Material shown START

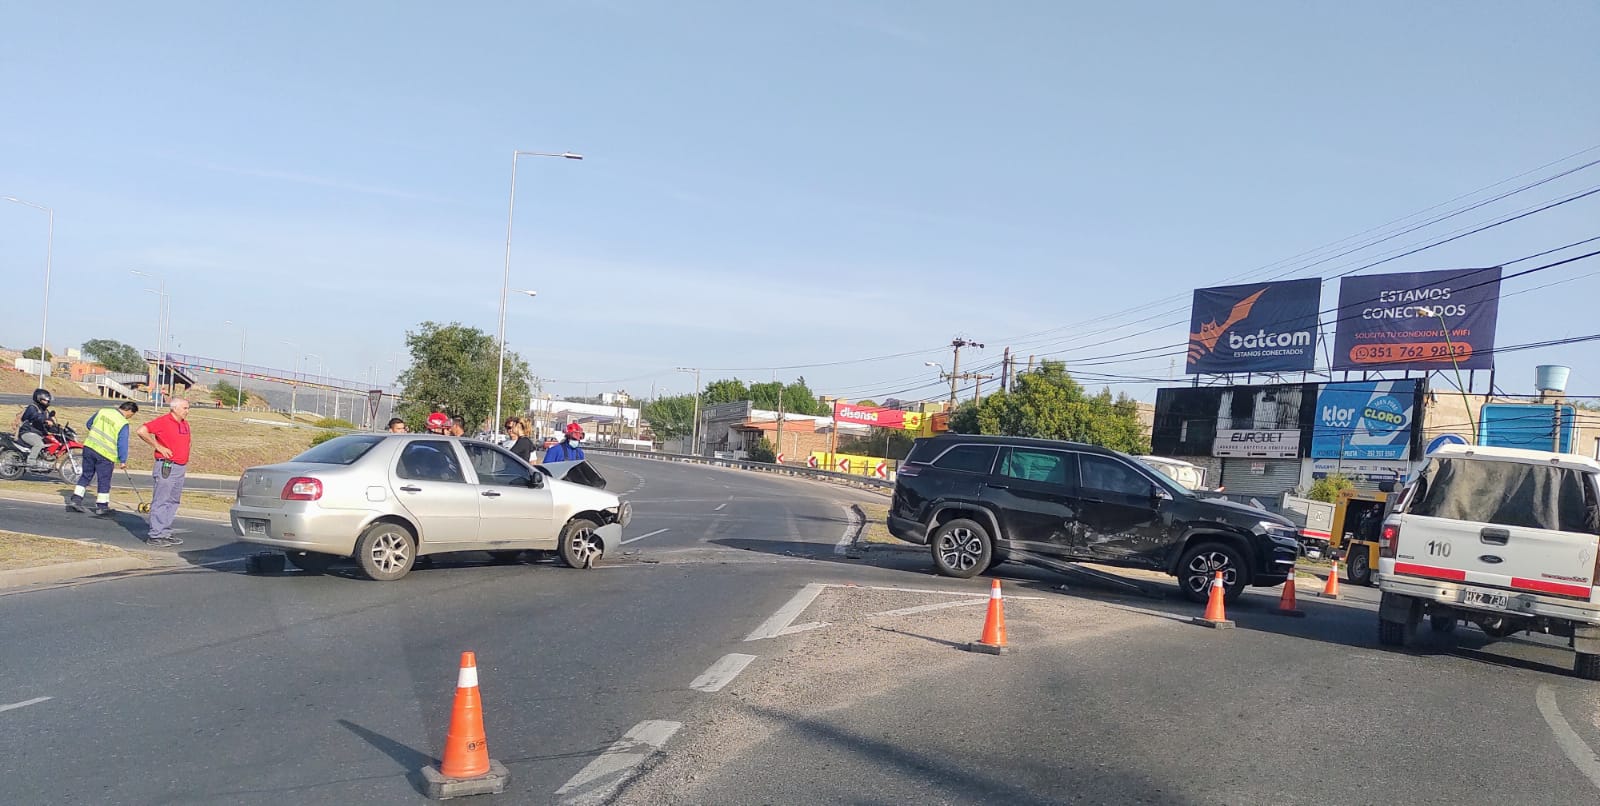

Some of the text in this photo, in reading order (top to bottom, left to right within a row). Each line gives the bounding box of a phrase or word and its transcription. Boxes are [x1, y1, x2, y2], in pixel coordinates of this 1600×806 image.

[1380, 288, 1451, 303] ESTAMOS
[1362, 304, 1467, 320] CONECTADOS
[1229, 329, 1311, 349] batcom
[1233, 348, 1304, 358] ESTAMOS CONECTADOS
[1370, 347, 1392, 358] 351
[1400, 346, 1424, 357] 762
[840, 407, 878, 421] disensa
[1322, 405, 1356, 422] klor
[1364, 408, 1403, 424] CLORO
[1428, 540, 1452, 557] 110
[1466, 591, 1484, 603] HXZ

Material shown END

## Task item
Line by line, restate the data above exactly as it stands, minus the pictures.

## Output
Some of the text in this photo, in reading order (top to bottom, left to right within a row). Each line gives the bounding box of a phrase or word and its transcription. Boxes are [x1, y1, x2, y2], in pixel coordinates of this 1600×806 image.

[1380, 288, 1451, 303] ESTAMOS
[1362, 304, 1467, 320] CONECTADOS
[1229, 329, 1311, 349] batcom
[1233, 348, 1304, 358] ESTAMOS CONECTADOS
[1370, 347, 1392, 358] 351
[1400, 346, 1424, 357] 762
[840, 407, 878, 421] disensa
[1322, 405, 1356, 422] klor
[1364, 408, 1403, 424] CLORO
[1428, 540, 1452, 557] 110
[1466, 591, 1484, 603] HXZ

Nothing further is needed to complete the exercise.